◆ **INSTRUCTIONS FOR THE TASK**: Pictures in the records are to be excluded from an otherwise exact copy.

◆ **RECORDS SUPPLIED**:
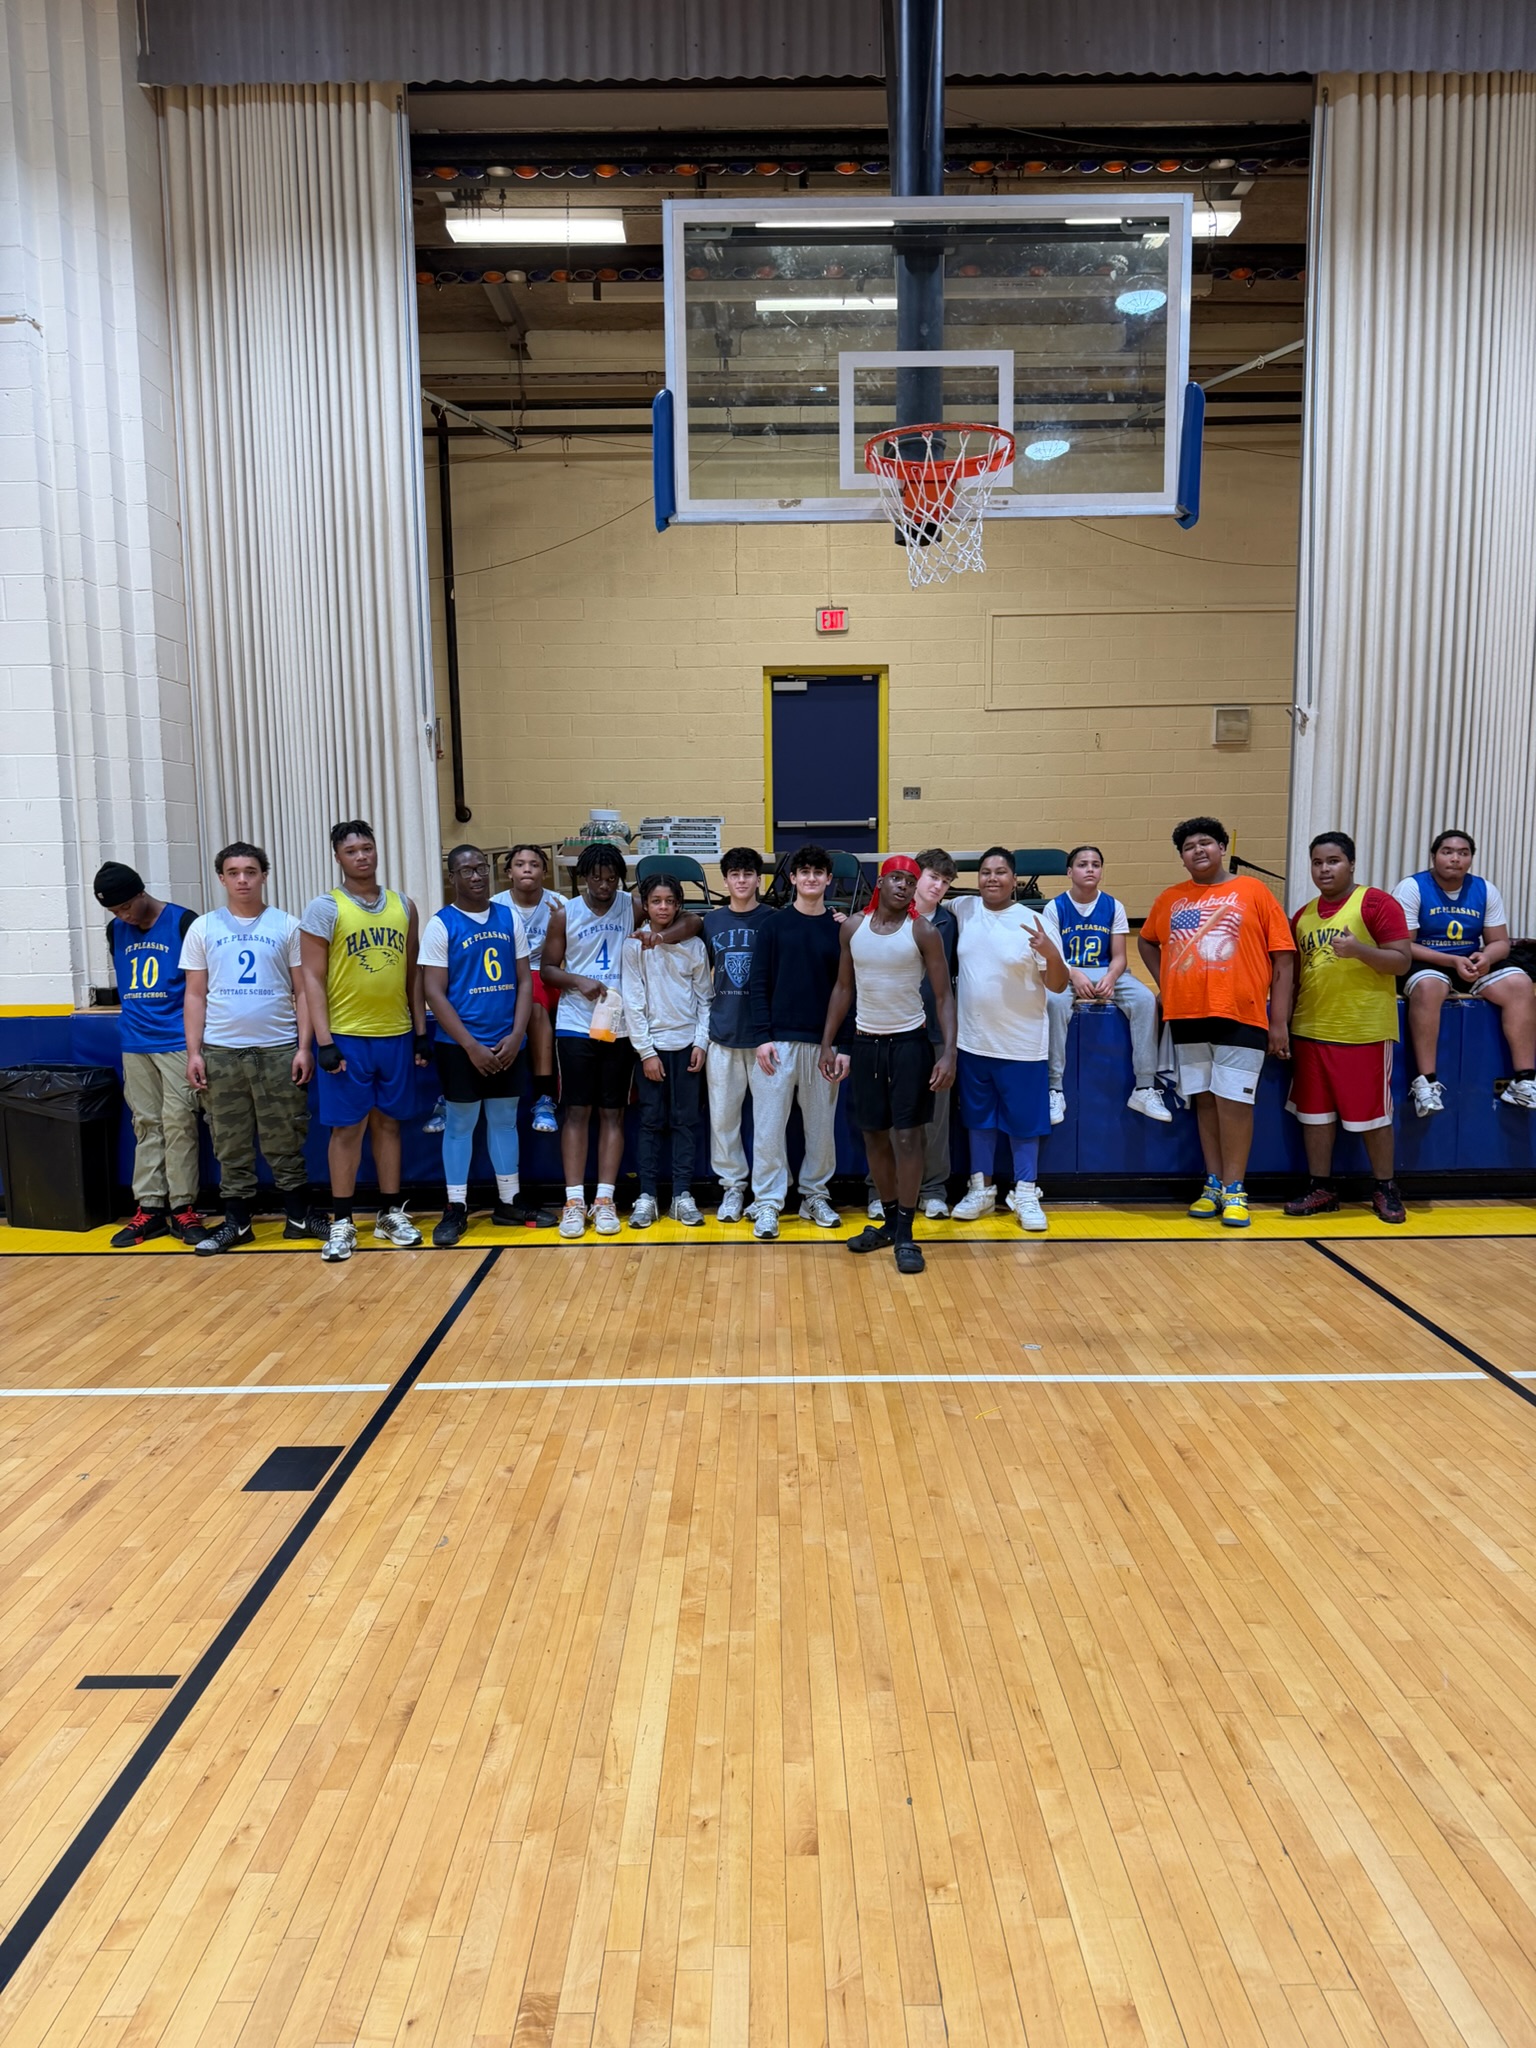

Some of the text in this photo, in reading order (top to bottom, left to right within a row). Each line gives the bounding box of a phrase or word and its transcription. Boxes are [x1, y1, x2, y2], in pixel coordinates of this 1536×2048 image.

[821, 610, 845, 630] EXIT
[1170, 891, 1242, 919] Baseball
[216, 933, 276, 947] MT. PLEASANT
[462, 930, 511, 949] MT. PLEASANT
[577, 928, 590, 941] MT.
[1061, 923, 1110, 936] MT. PLEASANT
[1300, 927, 1348, 954] HAWK
[133, 941, 170, 954] PLEASANT
[345, 926, 405, 957] HAWKS
[711, 928, 759, 955] KIT
[1065, 935, 1102, 967] 12
[483, 947, 502, 982] 6
[595, 938, 611, 971] 4
[129, 956, 159, 990] 10
[238, 949, 257, 985] 2
[142, 991, 168, 999] SCHOOL
[219, 988, 275, 996] COTTAGE SCHOOL
[468, 985, 497, 995] COTTAGE

◆ **SOLVED EXERCISE**:
Some of the text in this photo, in reading order (top to bottom, left to right within a row). Each line gives the bounding box of a phrase or word and its transcription. Boxes are [x1, y1, x2, y2], in pixel coordinates of this 1536×2048 image.

[821, 610, 845, 630] EXIT
[1170, 891, 1242, 919] Baseball
[216, 933, 276, 947] MT. PLEASANT
[462, 930, 511, 949] MT. PLEASANT
[577, 928, 590, 941] MT.
[1061, 923, 1110, 936] MT. PLEASANT
[1300, 927, 1348, 954] HAWK
[133, 941, 170, 954] PLEASANT
[345, 926, 405, 957] HAWKS
[711, 928, 759, 955] KIT
[1065, 935, 1102, 967] 12
[483, 947, 502, 982] 6
[595, 938, 611, 971] 4
[129, 956, 159, 990] 10
[238, 949, 257, 985] 2
[142, 991, 168, 999] SCHOOL
[219, 988, 275, 996] COTTAGE SCHOOL
[468, 985, 497, 995] COTTAGE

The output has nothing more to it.